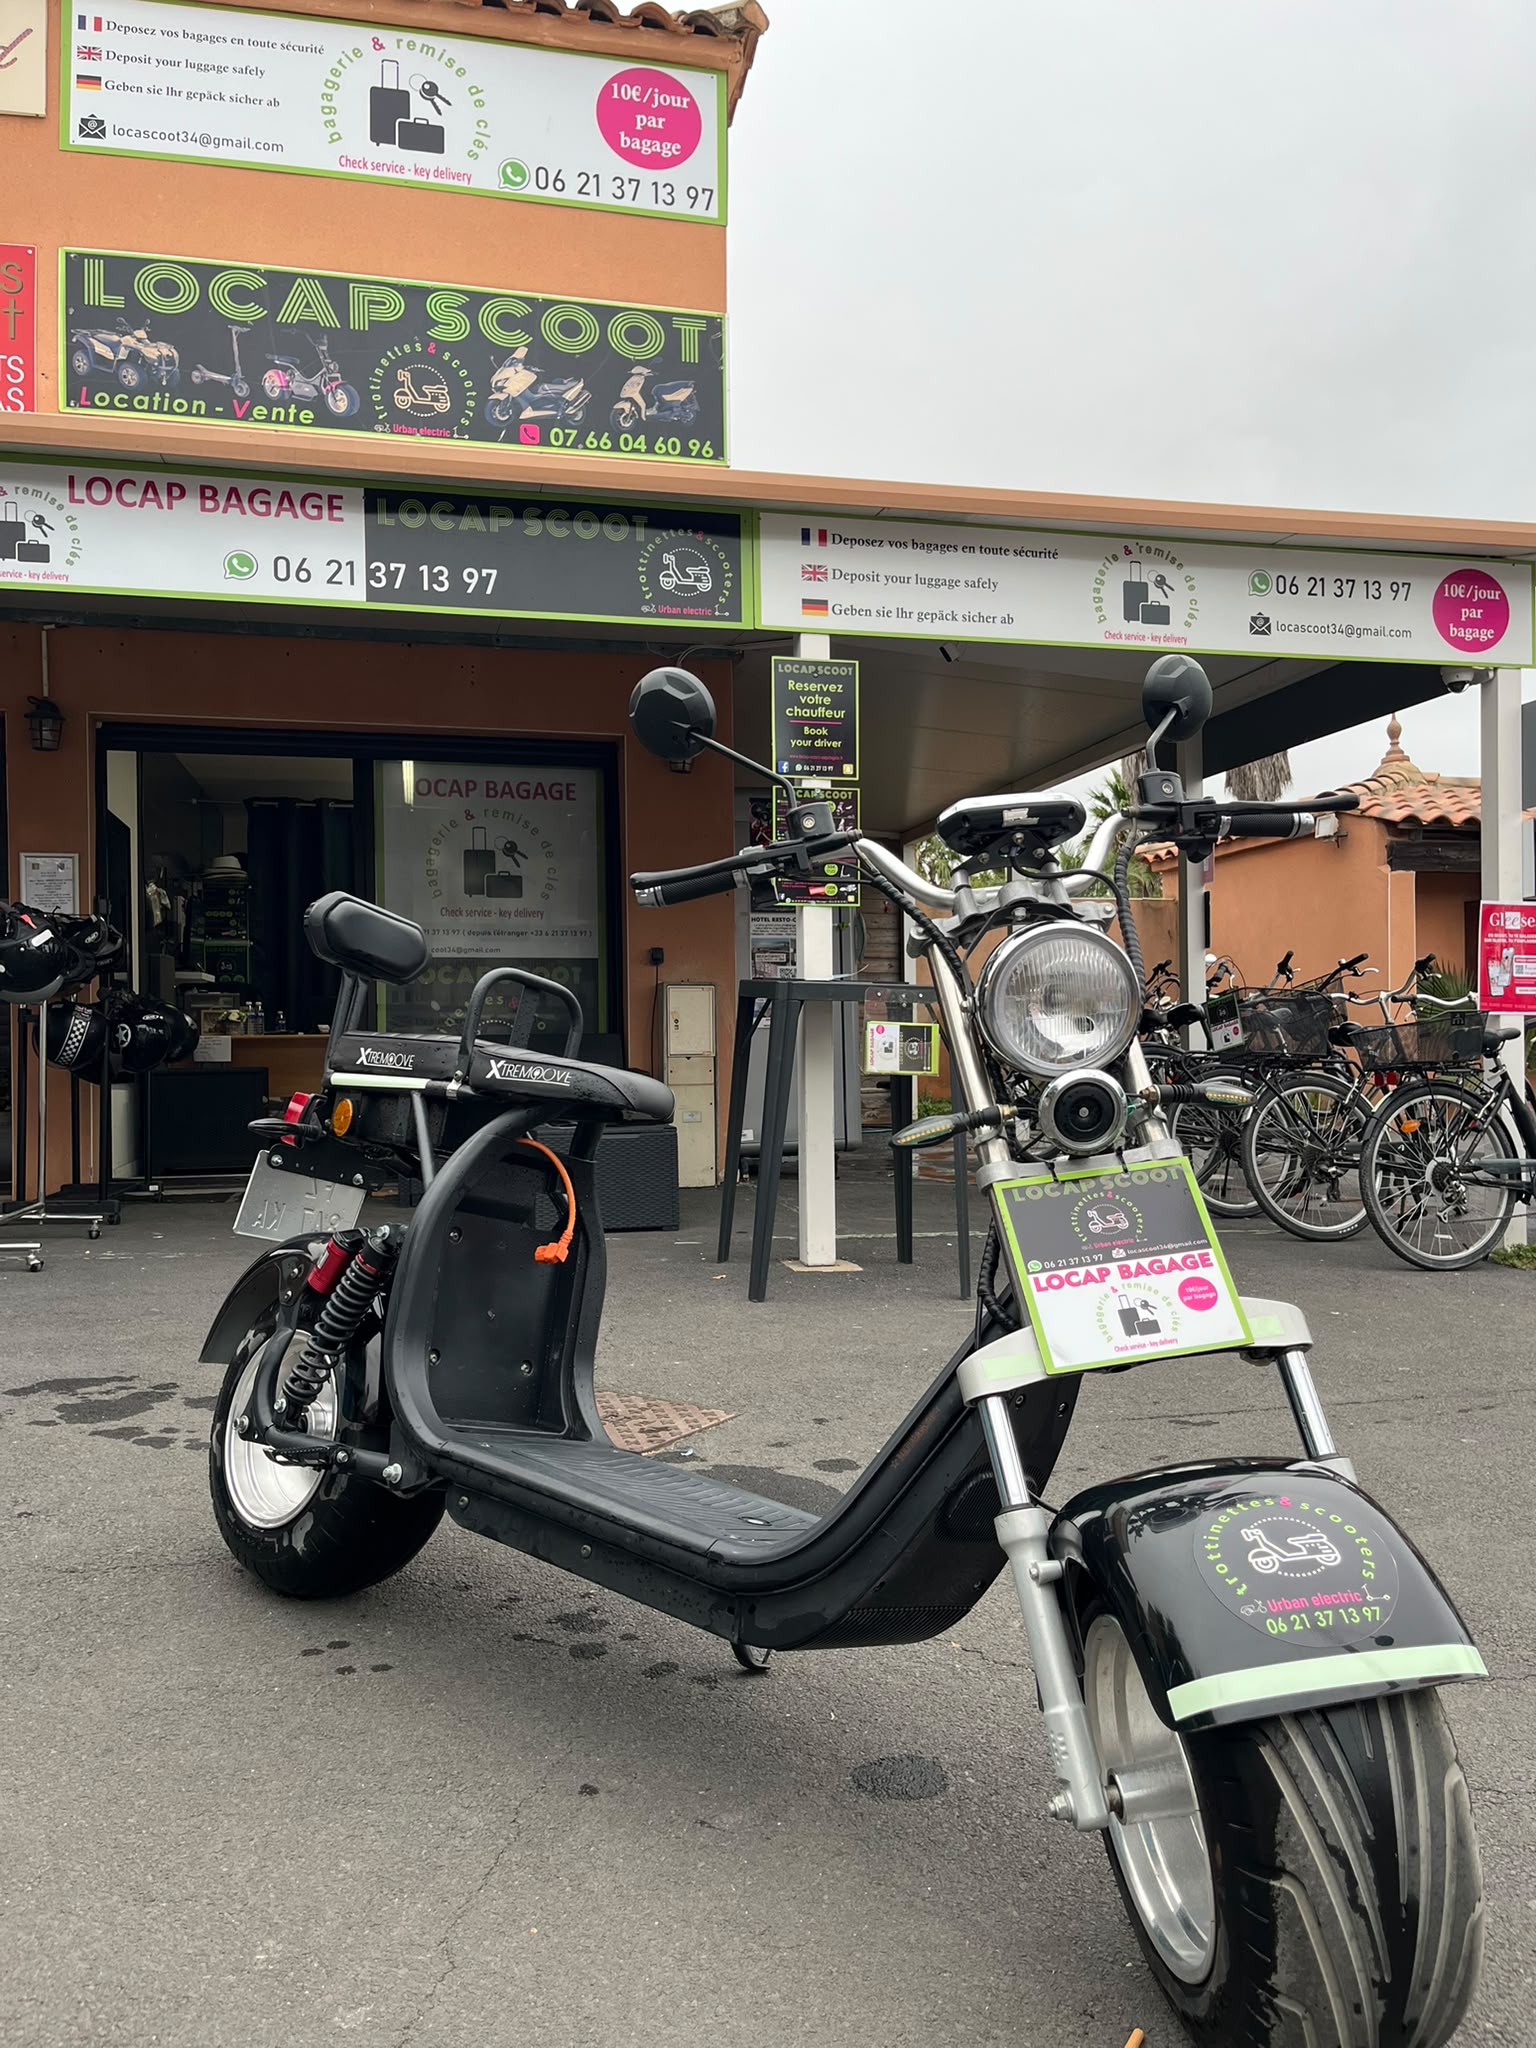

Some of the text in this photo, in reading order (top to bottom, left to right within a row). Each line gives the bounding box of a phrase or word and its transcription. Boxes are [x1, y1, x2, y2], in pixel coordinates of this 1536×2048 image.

[106, 20, 325, 55] Deposez vos bagages en toute sécurité
[105, 50, 265, 78] Deposit your luggage safely
[104, 79, 143, 94] Geben
[146, 83, 163, 96] sie
[186, 88, 226, 106] gepäck
[229, 91, 263, 106] sicher
[266, 97, 280, 108] ab
[321, 36, 491, 160] bagagerie & remise de clés
[610, 82, 691, 112] 10€/jour
[636, 113, 666, 131] par
[113, 123, 284, 153] locascoot34@gmail.com
[620, 131, 682, 158] bagage
[339, 155, 472, 186] Check service key delivery
[535, 166, 714, 212] 06 21 37 13 97
[84, 258, 706, 363] LOCAP SCOOT
[428, 342, 436, 354] &
[442, 352, 476, 426] scooters
[80, 386, 315, 424] Location Vente
[393, 424, 451, 437] Urban electric
[550, 428, 714, 458] 07 66 04 60 96
[68, 475, 648, 542] LOCAP BAGAGE LOCAP SCOOT
[14, 486, 82, 566] remise de clés
[831, 533, 1058, 560] Deposez vos bagages en toute sécurité
[273, 556, 498, 595] 06 21 37 13 97
[638, 529, 734, 604] trottinettes & scooters
[831, 568, 999, 592] Deposit your luggage safely
[1093, 545, 1200, 628] bagagerie & remise de clés
[1276, 575, 1412, 602] 06 21 37 13 97
[1442, 583, 1502, 603] 10€/jour
[658, 604, 712, 616] Urban electric
[831, 603, 872, 618] Geben
[876, 606, 892, 618] sie
[917, 608, 958, 624] gepäck
[962, 610, 997, 624] sicher
[1000, 613, 1014, 626] ab
[1461, 606, 1484, 622] par
[1104, 630, 1188, 646] Check service key delivery
[1276, 620, 1412, 639] locascoot34@gmail.com
[1449, 624, 1495, 642] bagage
[778, 664, 854, 676] LOCAP SCOOT
[788, 680, 844, 692] Reservez
[800, 694, 832, 705] votre
[786, 706, 846, 718] chauffeur
[790, 738, 842, 748] your driver
[804, 726, 828, 736] Book
[415, 778, 576, 801] OCAP BAGAGE
[426, 809, 558, 900] bagagerie & remise de clés
[440, 907, 544, 920] Check service key delivery
[1011, 1166, 1180, 1202] LOCAP SCOOT
[1070, 1191, 1144, 1242] trottinettes scooters
[1032, 1252, 1214, 1292] LOCAP BAGAGE
[1044, 1261, 1056, 1269] 06
[1058, 1259, 1067, 1267] 21
[1068, 1258, 1079, 1266] 37
[1081, 1256, 1091, 1264] 13
[1093, 1254, 1104, 1262] 97
[1096, 1293, 1113, 1344] bagagerie
[1122, 1282, 1159, 1295] remise
[1162, 1296, 1172, 1307] de
[1203, 1496, 1375, 1596] trottinettes & scooters
[1266, 1590, 1362, 1614] Urban electric
[1266, 1606, 1381, 1635] 06 21 37 13 97

=== EXERCISE DESCRIPTION ===
Pull every line with the string "Deposez" from the data above.

=== TASK OUTPUT ===
[106, 20, 325, 55] Deposez vos bagages en toute sécurité
[831, 533, 1058, 560] Deposez vos bagages en toute sécurité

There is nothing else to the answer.